And The Kingdom of God is Like

We are up in the mountains above Estes Park, Colorado along with some friends examining the Sermon on the Mount and how we can walk it out in our lives.

I love the Sermon on the Mount. When I turned back to God in April of 2010, the Sermon on the Mount became one of my daily reading passages. For a little more than a year, I read this passage (Matthew 5-7) each day. Now I read it twice a week. Lately, in preparation for this retreat, and for our Wednesday night prayer class, I’ve been digging a bit deeper into the Sermon on the Mount.

Volumes have been (and will be) written on the topic, and I don’t want or intend to add to those at this time, yet would like to share an observation on this concept of the Kingdom of God.

This phrase (or it’s companion–the Kingdom of Heaven) appears some 140 times throughout Gospel. Jesus talked about the Kingdom of Heaven A LOT. Trying to get His followers to understand that He didn’t come to over-throw the Romans, rather came to establish a new Kingdom all together.

The Kingdom of Heaven is like.

We talked, at great length, about this concept in our prayer class at Acts 2 UMC this past Wednesday. What does this Kingdom–that is altogether other–look like in our world today.

As we discussed this concept, and over the last few days since, I have come to a better–yet still lacking–understanding.

One perspective of the Kingdom of God that was presented was that the Kingdom of God is where what God wants done is done.

Another prespective was where there is Shalom instead of broken Shalom.

Finally, Rick Warren’s comparison between the Kingdom of God and surfing was mentioned. He says that you can’t know the Kingdom by just sitting and waiting for it, just as a surfer can’t surf the wave by sitting on the beach.

As I’ve prayed, thought, and read about this concept, I keep coming back to the Kingdom of God being where you can see that God has been at work, and has brought order into chaos.

Often, we don’t see this while in the midst of the situation. We don’t see God’s hand at work. We don’t see God’s movement in the silence or the chaos. Yet, when out of the situation and we look back, it is clear that Kingdom has come to a particular situation. What God wanted done was done. Shalom has been restored. Order has come out of choas.

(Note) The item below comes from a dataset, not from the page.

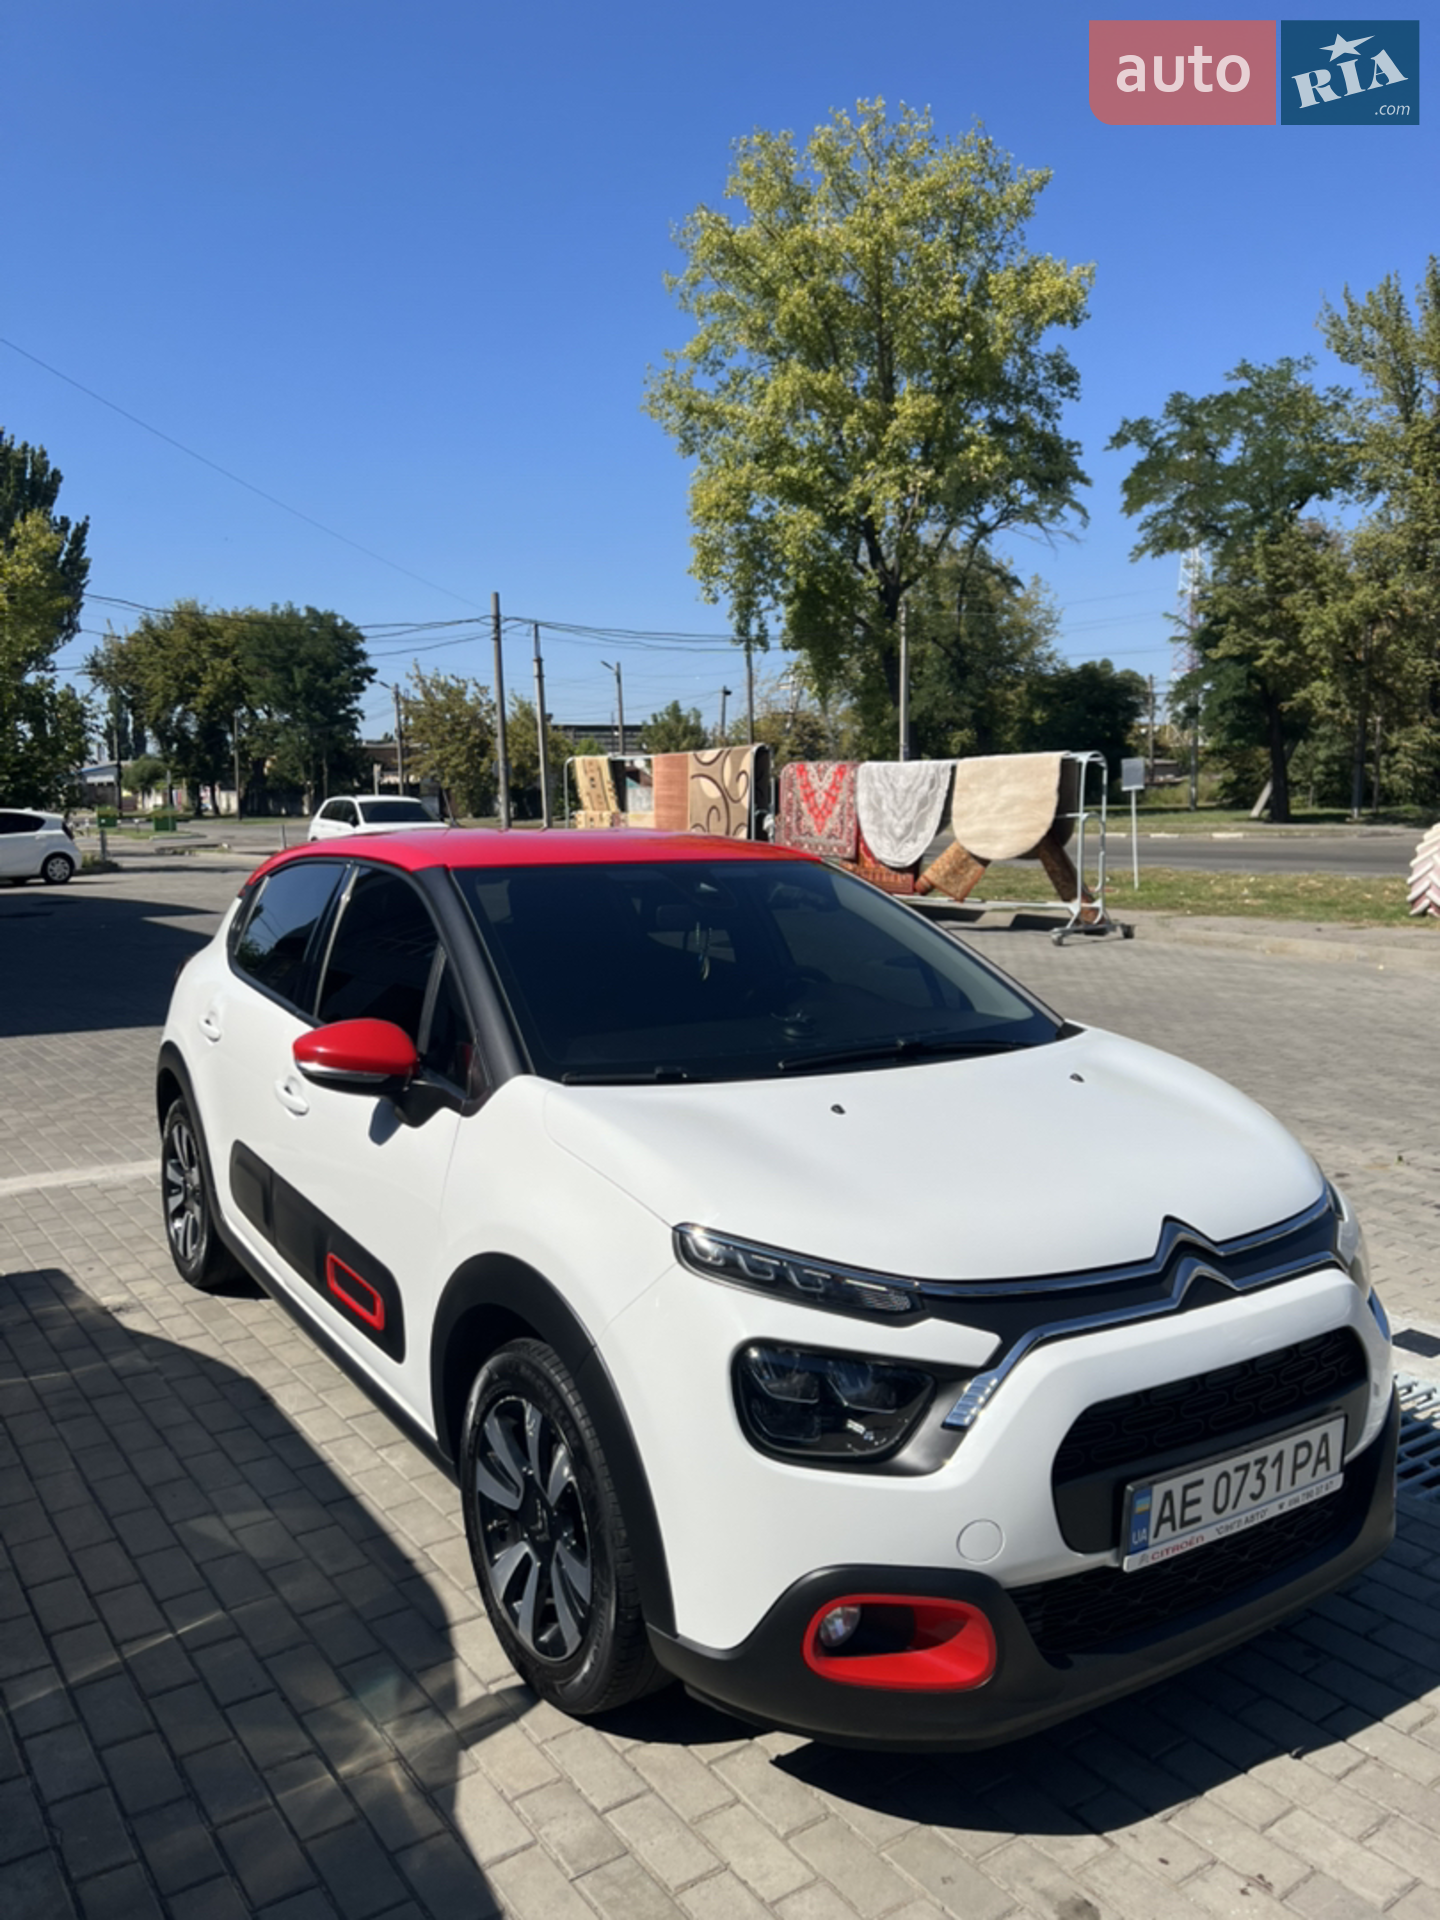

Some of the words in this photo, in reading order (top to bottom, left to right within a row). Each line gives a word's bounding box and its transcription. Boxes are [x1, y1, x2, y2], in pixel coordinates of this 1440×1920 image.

Be encouraged. While it may still look like chaos, while it may be unclear if or how God is on the move, be encouraged. In the end, as you look back, it will be clear.

The Kingdom is at Hand!

Estes Park from Twin Sisters in the Summer of 2004

 

 

1 reply
  1. Philip Jones
    Philip Jones says:

    Agree completely. For me the Kingdom of God is about realizing that everything/ everybody is a reflection of God’s love. The human problem is that we are just stewards, and not the land owners, and we so desperately want to be the owners. The Kingdom of God is about us understanding that we are not in control!